The loss function of our proposed model is determined by using Eq. (4) by summing of the cosine distance (Eq. 3) and the objective function of Skip-gram (Eq. 2). For a word sequence \((w_{1} ,w_{2} , \ldots ,w_{n} )\) and target word \(w_{\text{t}}\), the model intends to maximize.

$$L(H) = \Pr (w_{1} , \ldots ,w_{n} |w_{t} ) + \alpha .J(w_{t} ,w_{syn} )$$
(4)

where \(w_{\text{syn}}\) is the synonym for target word \(w_{\text{t}}\) and \(\Pr (w_{1} ,w_{2} , \ldots ,w_{n} |w_{\text{t}} )\) represents the predictive probability of context words conditioned on the target word \(w_{\text{t}}\). \(\alpha\) is the weight of the external resources ranging from 0.1 to 0.2, determining how strongly the degree of movement should impact of optimization process. If the value of \(\alpha\) becomes higher, then the distributional representations will rely more on distant supervision.

3.3.3 Distant supervision models

Distance between synonyms and a target word can be reduced by updating either a target word or the synonyms. Based on this consideration, three distant supervision models are introduced: Unidirectional Movement of Target (UMT) model, Unidirectional Movement of Synonyms (UMS) model and Bidirectional Movement of Target and Synonyms (BMTS) model. Figure 2 illustrates the moving direction of synonyms and target words in all three proposed models.

Fig. 2
figure 2

Unidirectional Movement of Target Model. a Unidirectional Movement of Synonyms Model. b Bidirectional Movement of Target and Synonyms Model. c Yellow rectangle represents the target word; blue rectangle depicts synonyms and the white rectangle shows context. The dashed line in blue represents the random selecting and updating of a synonym, and the solid line in blue represents the update of all synonyms


UMT model It randomly selects a synonym of the target word and moves the target word toward the synonym. This phenomenon of movement is called as Unidirectional Movement of Target (UMT). To make a movement, UMT model first determines the Cosine similarity between the target words and synonyms using Eq. (3) and, then, updates the target word vectors by the Cosine loss function utilizing Eq. (4). This whole process is helpful in improving the Cosine similarity between synonyms and target words.


UMS model In this model, all the corresponding synonyms of a target word are moved together toward the target. All the synonym word vectors are updated in each training step. Moreover, a Unidirectional Movement of Synonyms with Negative Sampling (NUMS) model is also proposed which is used to update representations in negative sampling.
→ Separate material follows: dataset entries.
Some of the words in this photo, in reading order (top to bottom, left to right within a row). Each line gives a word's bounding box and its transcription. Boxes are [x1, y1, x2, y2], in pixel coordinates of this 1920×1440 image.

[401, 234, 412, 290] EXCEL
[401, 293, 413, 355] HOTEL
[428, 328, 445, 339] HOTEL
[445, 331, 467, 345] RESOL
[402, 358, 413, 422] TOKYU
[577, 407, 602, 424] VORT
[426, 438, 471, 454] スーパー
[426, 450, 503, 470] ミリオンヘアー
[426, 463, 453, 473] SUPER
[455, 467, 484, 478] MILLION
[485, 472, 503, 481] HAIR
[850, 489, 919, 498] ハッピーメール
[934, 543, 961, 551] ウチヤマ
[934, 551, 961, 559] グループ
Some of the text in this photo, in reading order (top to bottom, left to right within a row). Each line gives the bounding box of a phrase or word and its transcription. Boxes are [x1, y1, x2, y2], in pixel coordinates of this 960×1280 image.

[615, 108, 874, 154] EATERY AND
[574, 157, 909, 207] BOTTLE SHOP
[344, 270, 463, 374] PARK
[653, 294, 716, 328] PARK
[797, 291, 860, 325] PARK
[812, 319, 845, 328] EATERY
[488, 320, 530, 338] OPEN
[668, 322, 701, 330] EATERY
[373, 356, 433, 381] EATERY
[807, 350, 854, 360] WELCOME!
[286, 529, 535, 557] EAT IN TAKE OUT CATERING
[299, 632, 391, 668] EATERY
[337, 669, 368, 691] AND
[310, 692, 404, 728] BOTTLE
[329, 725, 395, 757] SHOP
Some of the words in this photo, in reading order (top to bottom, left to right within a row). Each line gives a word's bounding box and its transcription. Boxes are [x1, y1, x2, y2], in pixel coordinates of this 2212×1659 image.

The updated frequency of samples in a NUMS model is much higher than original UMS model.


BMTS Model It randomly chooses one synonym to calculate the loss function using Eq. (4). BMTS model tries to move the target word vector as well as the synonym word vector as illustrated in Fig. 2c. As we can see, the movement is in both directions; therefore, it is referred as Bidirectional Movement of Target and Synonyms (BMTS).

4 Computational simulation

Extensive computation simulations have been conducted to evaluate the performance of the proposed models. In this section, first, we discussed about parameters setting, test data and factors used for quality measure. Second, we have presented experimental results and analysis. Third, a case study is presented to develop a deeper understanding about the working of the proposed models.

4.1 Parameters setting

In order to balance the quantity and accuracy, word pairs are selected from the XL size data of PPDB. As the number of synonyms is not balanced, ranging from one to hundreds, the top five synonyms are used by ranking them with TF-IDF value. In total, the obtained synonym vocabulary is with more than 50 k words. The proposed model is trained with the 2010 English dump from the Wikipedia. Data preprocessing includes removing the numbers, special symbols, and non-English words from corpus and converting all English letters to lowercase. In this paper, we trained three models discussed above and evaluate them on different tasks. Since our models are all based on Skip-gram model, it is reasonable to use Skip-gram as baseline.Footnote 1 In addition, our proposed models are compared with three similar models: dict2vec, JointRCM and WE-TD which also introduce external resources into training. For these three models, their experiments are reproduced with the hyper-parameters as described in [25, 29, 32]. For all model parameter settings, it is used with 5 negatives samples, 4 epochs, 5 window sizes, and the embedding dimension is 200. The learning rate of our model is 0.025.

4.2 Performance analysis

The performances of the proposed models are evaluated on four tasks: word analogy (intrinsic), synonym-antonym detection (intrinsic), sentence matching (extrinsic) and text classification (extrinsic).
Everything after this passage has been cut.